4. Understand that we are wired to think negatively
I did my undergraduate dissertation on this psychological phenomenon because when I first read about it in class, I was astounded that I had never heard of it before. There’s this thing called the ‘negativity bias’ which is a super powerful cognitive error. Basically, it means that we are more primed to focus on negative things than positive things. For our brain, negativity carries significantly more weight. There is a way to get around this though, and that is reminding yourself that your brain has this error, and learning to consciously second-guess your brain about how you’re truly feeling. When it comes to the brain, don’t trust everything that you think.
5. Take care of yourself
This one is simple but oh so important. Self-care is a significant contributor to feeling worthy of happiness. Make sure to place some importance on taking care of yourself physically, and it will translate into feeling better emotionally too. I’m talking about the usual suspects here – regular exercise, dental hygiene, skin care, even a fresh haircut.

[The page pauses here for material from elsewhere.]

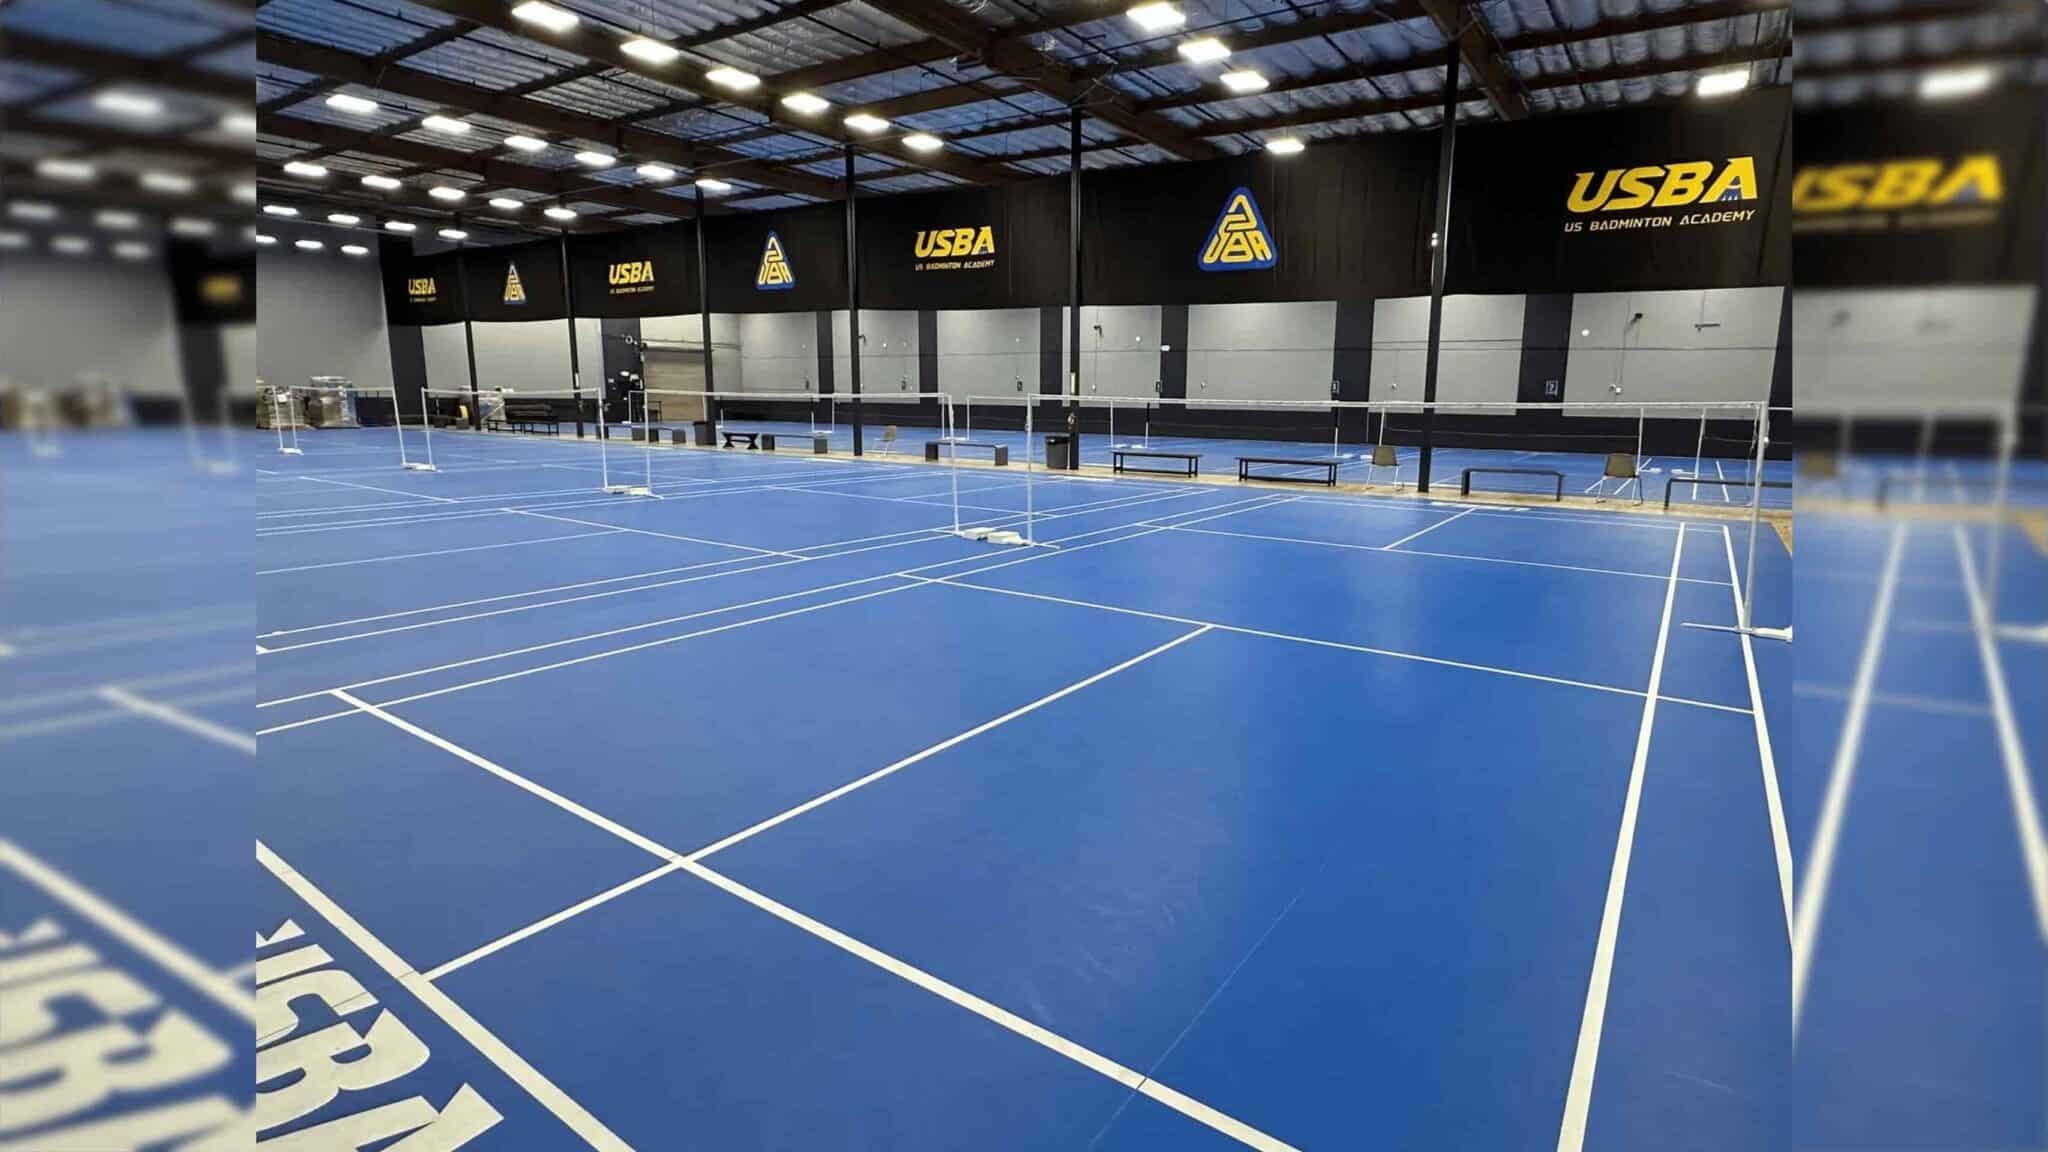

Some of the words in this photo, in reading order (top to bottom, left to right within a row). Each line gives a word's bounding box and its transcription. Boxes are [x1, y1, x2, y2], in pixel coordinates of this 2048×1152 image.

Self care is not selfish or inconsiderate; it actually makes you more effective and energetic. This will not only benefit you, but everyone around you, so make sure to find the time. And remember, self care is most important when you least want to do it so be disciplined and ensure to build a self care routine so you don’t go off track.
6. Focus on the happiness of others instead
Happiness often stems from meaning and purpose. Doing something valuable for others is a great way to bring this into your life. Try volunteering, or helping out a neighbour. Helping others results in a phenomenon called ‘helper’s high’, releasing endorphins which, in turn, improves your mood and boosts self-esteem. Not only that, but you’ll also build some valuable connections with other great people. Win-win!
7. Slow Down
Often, we are so caught up in the tizzy of everyday life that it can be hard to appreciate it. Every now and then, take some time out to relax. Slow down. Take fifteen minutes to sit in the garden and watch the world go by. Be conscious and marvel at the wonder of the world. Of being alive. Use the time to observe what really matters to you. This can be hard to do at first, but it just comes down to practice.
8. Try to Smile
When all else fails, just smile. Science tells us that the act of smiling tricks our brains into thinking we’re happy. So, even though you might not feel like it, try to smile. 😄
- Happiness is a challenge, and we must choose to find it ourselves. You must become the creator of your own happiness. It will not be found externally, it can only come from within.
- Indeed, life is complicated but we do not need to be complicated in how we live it. Changing your perception of the way you live your life is a skill, and to get good at a skill, you must practice everyday.
- You don’t have to have an extraordinary life, but you can choose to live your life in an extraordinary way. Take a few minutes to think of something you love that challenges you, and put some energy into it. Repeat, and watch the happiness grow.
- Do not wait until your deathbed to realise that happiness can be created. When it comes down to it, there will be very few things that needed to be so serious in your life. Prioritise happiness.